Çavuşoğlu stressed that Turkey now has to assess and decide its next steps to resolve the Cyprus issue.
Turkish Cypriot President Mustafa Akıncı also criticized the Greek
Cypriot side for the failure. “This chance we lost might hardly ever come again,” he said.
“Unfortunately, we couldn’t manage to complete the last trial of our generation to reunify the island successfully,” Akıncı told reporters.
“At a point where both sides have lost, unfortunately, the talks failed,” he said.
Akıncı said while the Turkish side was willing to take steps toward reducing the number of troops on the island, from the first day of the talks the Greek
Cypriot side began with a “zero-troops” position.
But the talks’ collapse was not only about the presence of Turkish soldiers on the island, he said.
“This is not the end of the world. We will find a way to live with honor. We will manage this,” he added.
Speaking about the idea of a rotating presidency, Akıncı said the Greek
Cypriot side was against the idea but signaled it could accept it if the Turkish Cypriot side accepted having “zero troops” on the island.
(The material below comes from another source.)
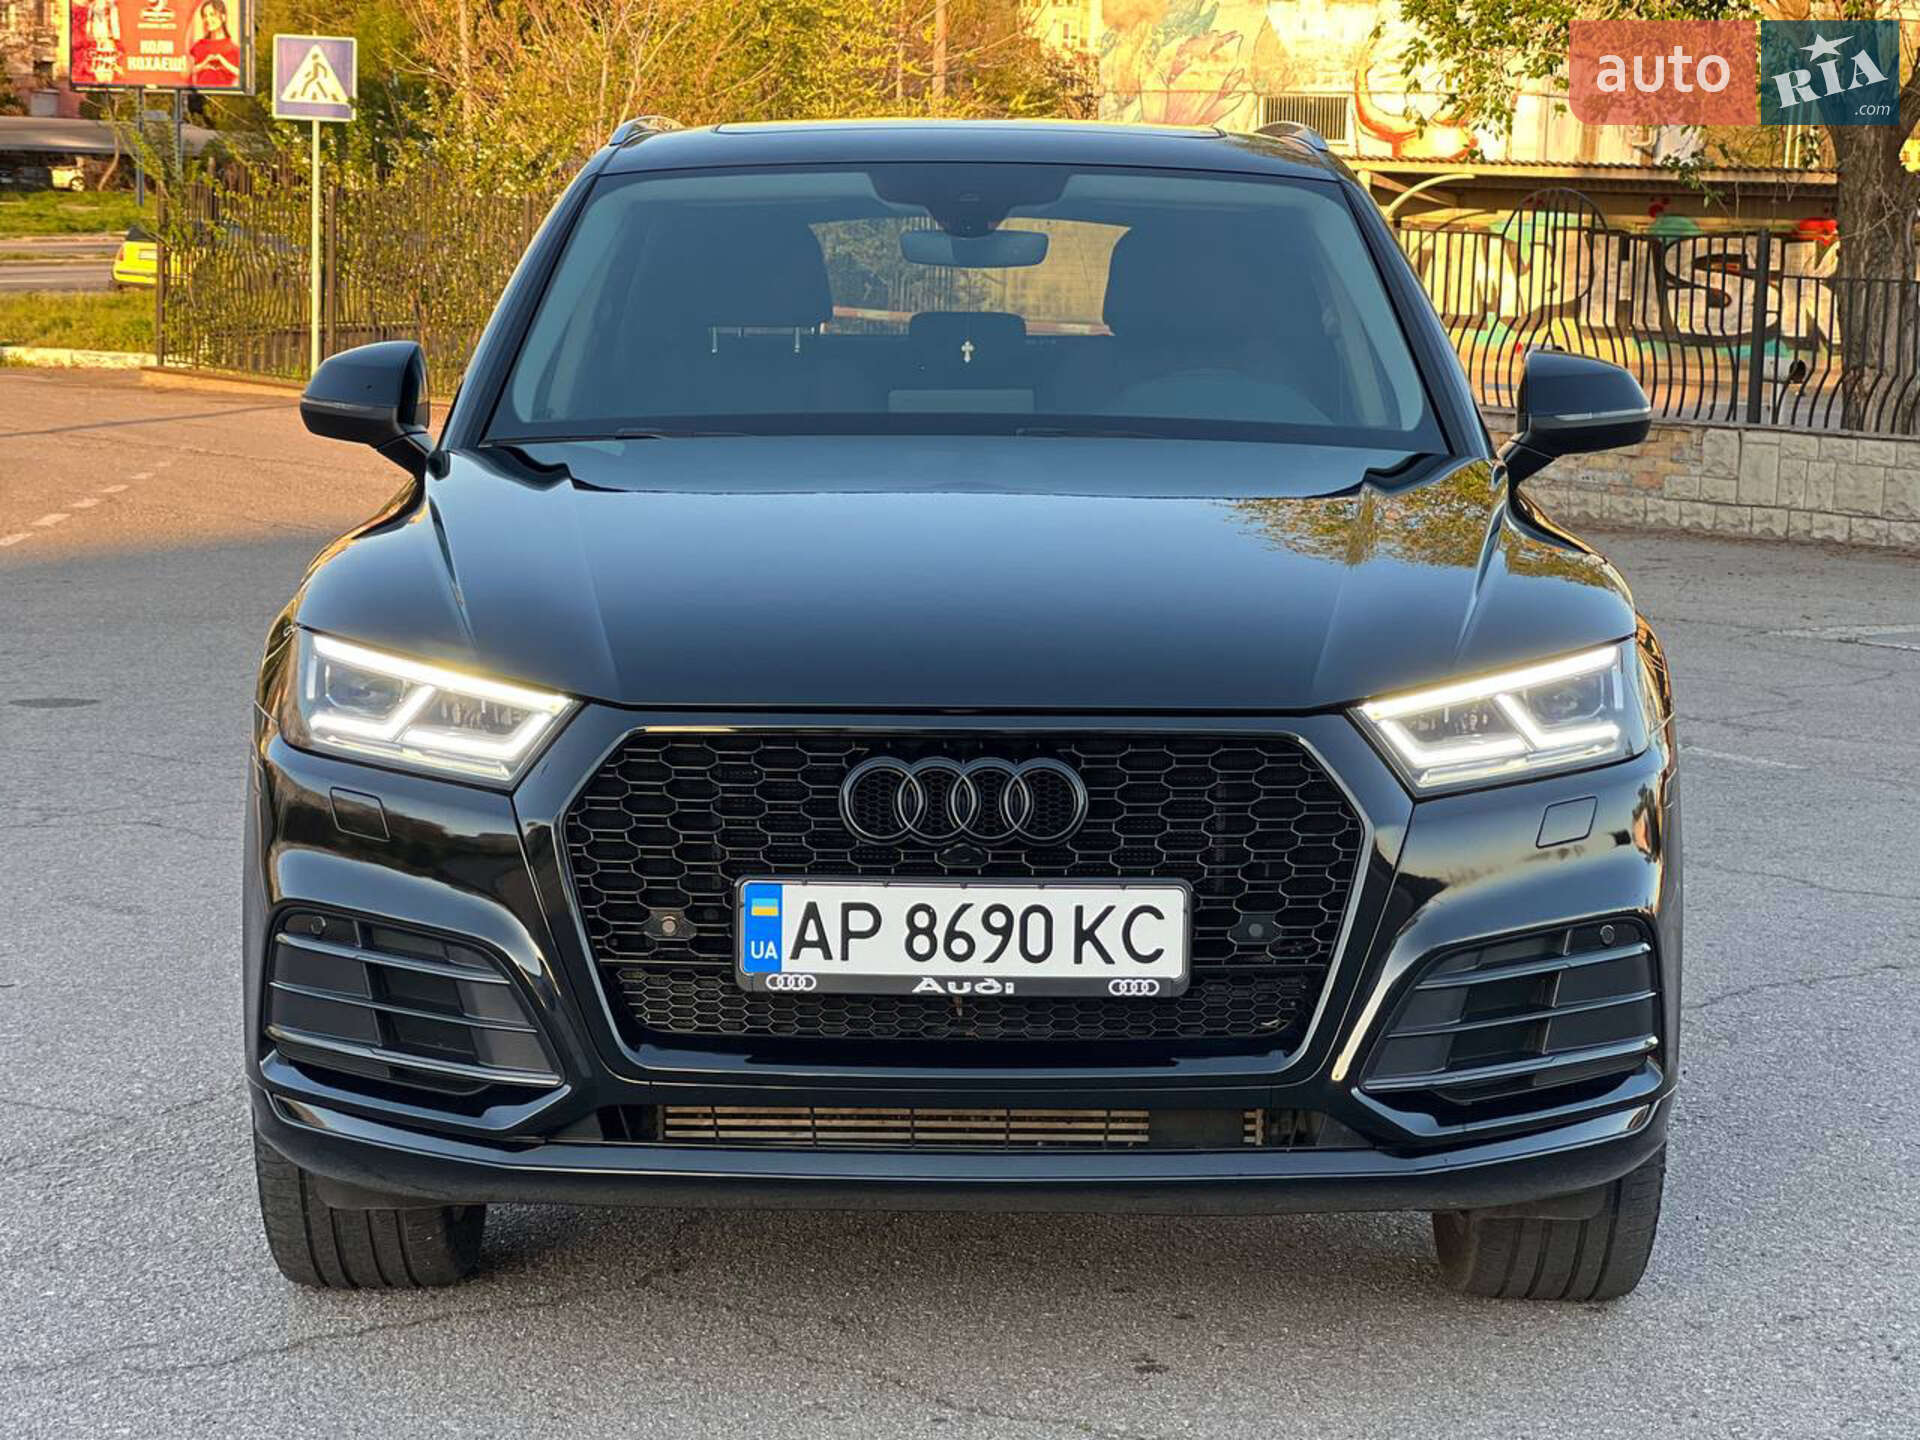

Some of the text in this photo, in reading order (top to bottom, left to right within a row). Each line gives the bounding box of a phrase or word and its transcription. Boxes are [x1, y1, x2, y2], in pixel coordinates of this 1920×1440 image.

[789, 901, 1166, 965] AP 8690 KC
[750, 940, 778, 961] UA
[911, 976, 1015, 995] Audi
“I’m very sorry to tell you that despite the very strong commitment and engagement of all the delegations and different parties, the conference on Cyprus was closed without an agreement being reached,” United Nations Secretary-General Antonio Guterres told a news conference after a stormy last session.
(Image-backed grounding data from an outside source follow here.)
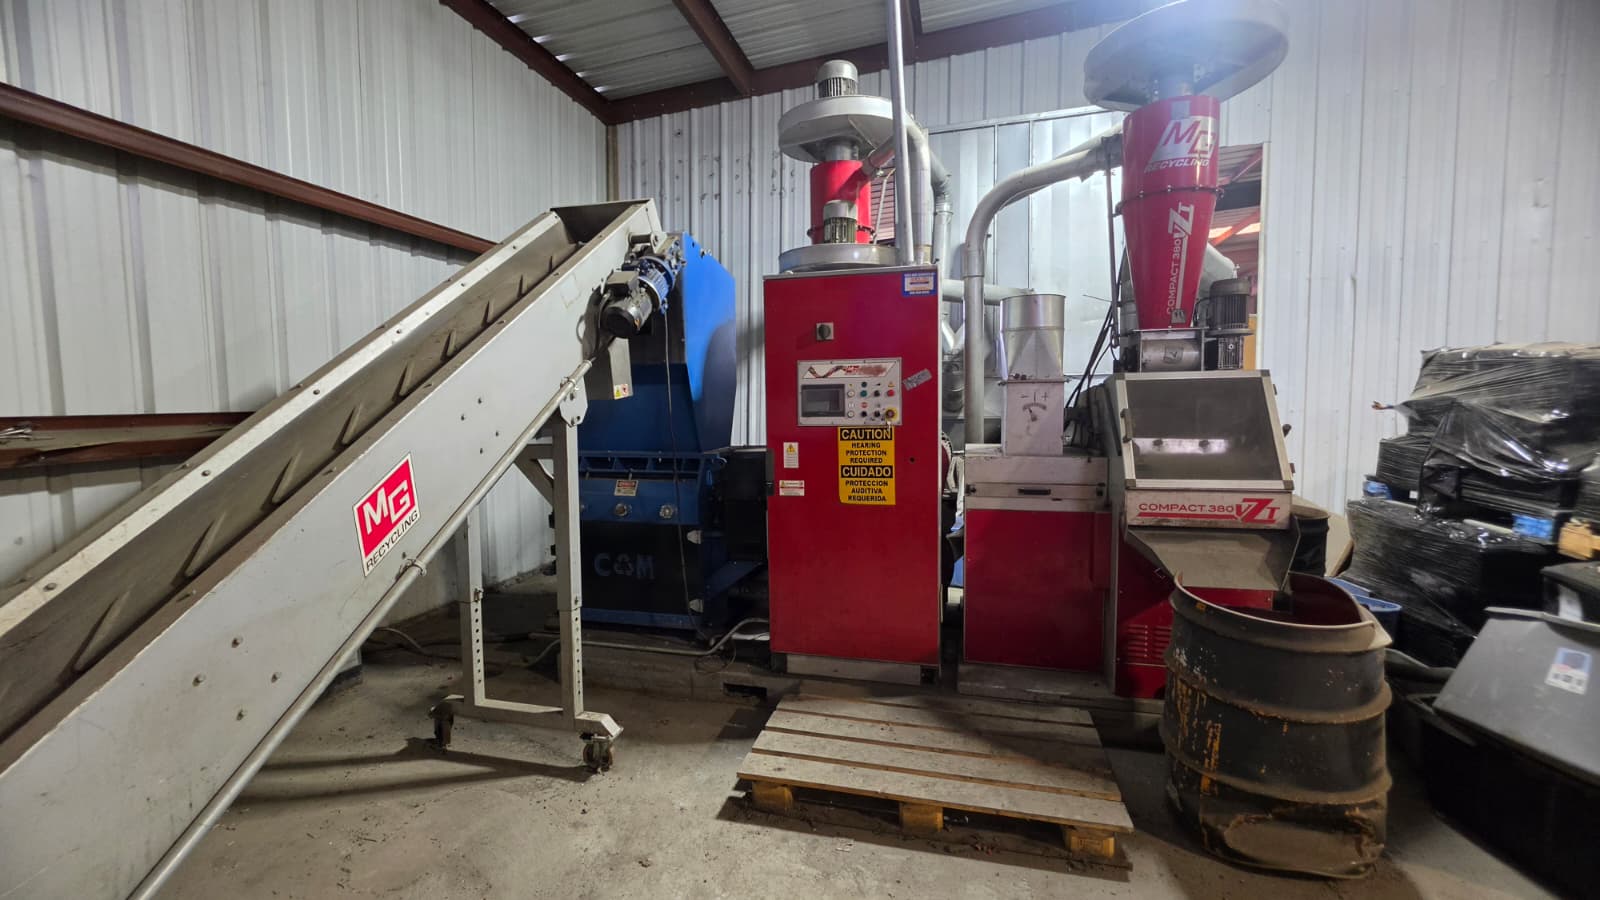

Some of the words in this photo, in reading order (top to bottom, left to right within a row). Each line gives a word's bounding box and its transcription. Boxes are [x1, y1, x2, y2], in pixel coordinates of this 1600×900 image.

[1166, 262, 1179, 315] COMPACT
[841, 429, 891, 440] CAUTION
[845, 449, 887, 457] PROTECTION
[842, 466, 892, 477] CUIDADO
[362, 480, 411, 536] MG
[1138, 503, 1204, 512] COMPACT
[1208, 504, 1234, 513] 380
[366, 510, 419, 572] RECYCLING
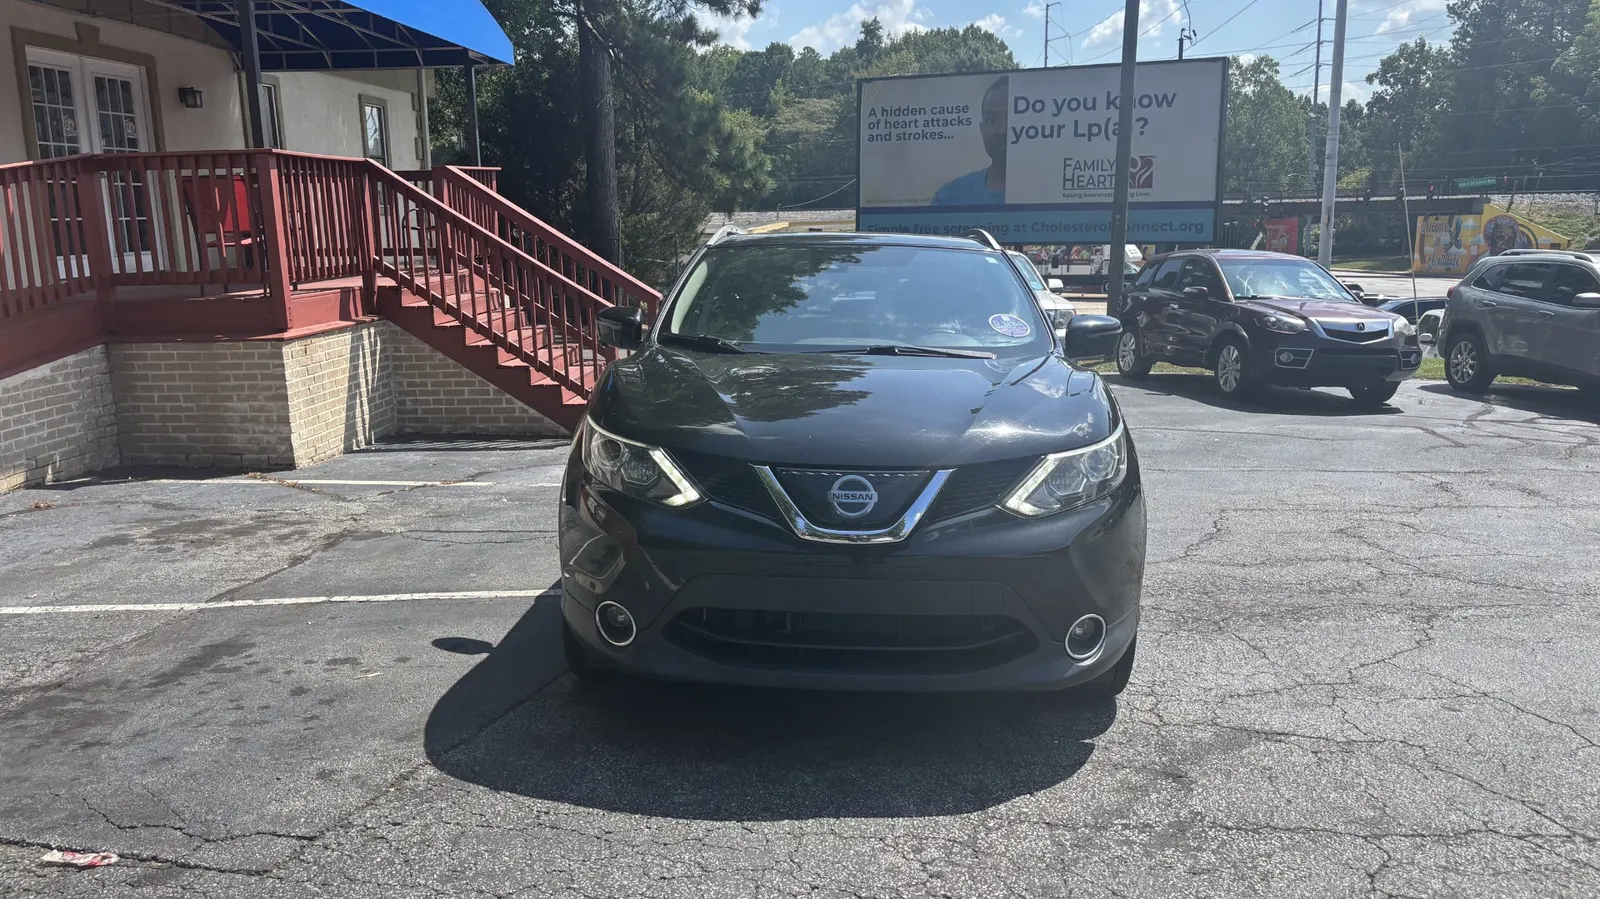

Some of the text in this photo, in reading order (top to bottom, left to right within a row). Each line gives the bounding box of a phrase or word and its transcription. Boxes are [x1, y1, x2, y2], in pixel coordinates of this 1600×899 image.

[868, 104, 970, 118] A hidden cause
[1013, 90, 1177, 117] Do you kow
[868, 115, 972, 130] of heart attacks
[868, 129, 954, 142] and strokes...
[1011, 117, 1149, 144] your Lp(a?
[1063, 157, 1116, 172] FAMILY
[1062, 172, 1116, 189] HEART
[914, 223, 940, 234] free
[1013, 223, 1027, 232] at
[1031, 221, 1203, 234] Cholesterolnnect.org
The collapse marked an end to more than two years of a process that had been widely thought of as the “best chance” at reunification since the island was split between its Greek
and Turkish Cypriot populations in 1974.
Guterres had flown in on July 6 to press Akıncı and Greek
Cypriot leader Nicos Anastasiades to seal a deal reuniting the east Mediterranean island, while U.S. Vice President Mike Pence had phoned to urge them to “seize this historic opportunity.”
The week of talks in the Swiss Alps, which the United Nations said was the “the best chance” for a deal, ground to a halt as the two sides failed to overcome final obstacles.
“Unfortunately, an agreement was not possible, and the conference was closed without the possibility to bring a solution to this dramatic and long-lasting problem,” Guterres said.
“That doesn’t mean that other initiatives cannot be developed in order to address the Cyprus problem,” he added.
Guterres declined to elaborate on what exactly had caused the collapse, but said there was still a wide gap between the two delegations on a number of questions.
Reunification attempts have always been under the umbrella of the United Nations, which has one of its longest-serving peacekeeping forces on the island.
Greek Cypriots, due to launch gas drilling off the island in coming weeks that Turkey opposes, pointed the finger of blame at the Turkish side.
Nicos Christodoulides, spokesman for the Greek
Cypriot government, said Turkey had refused to relinquish its intervention rights on Cyprus or the presence of troops on the island.
“Tonight’s development is in no way positive, but it is not the end of the road either,” he said, without elaborating.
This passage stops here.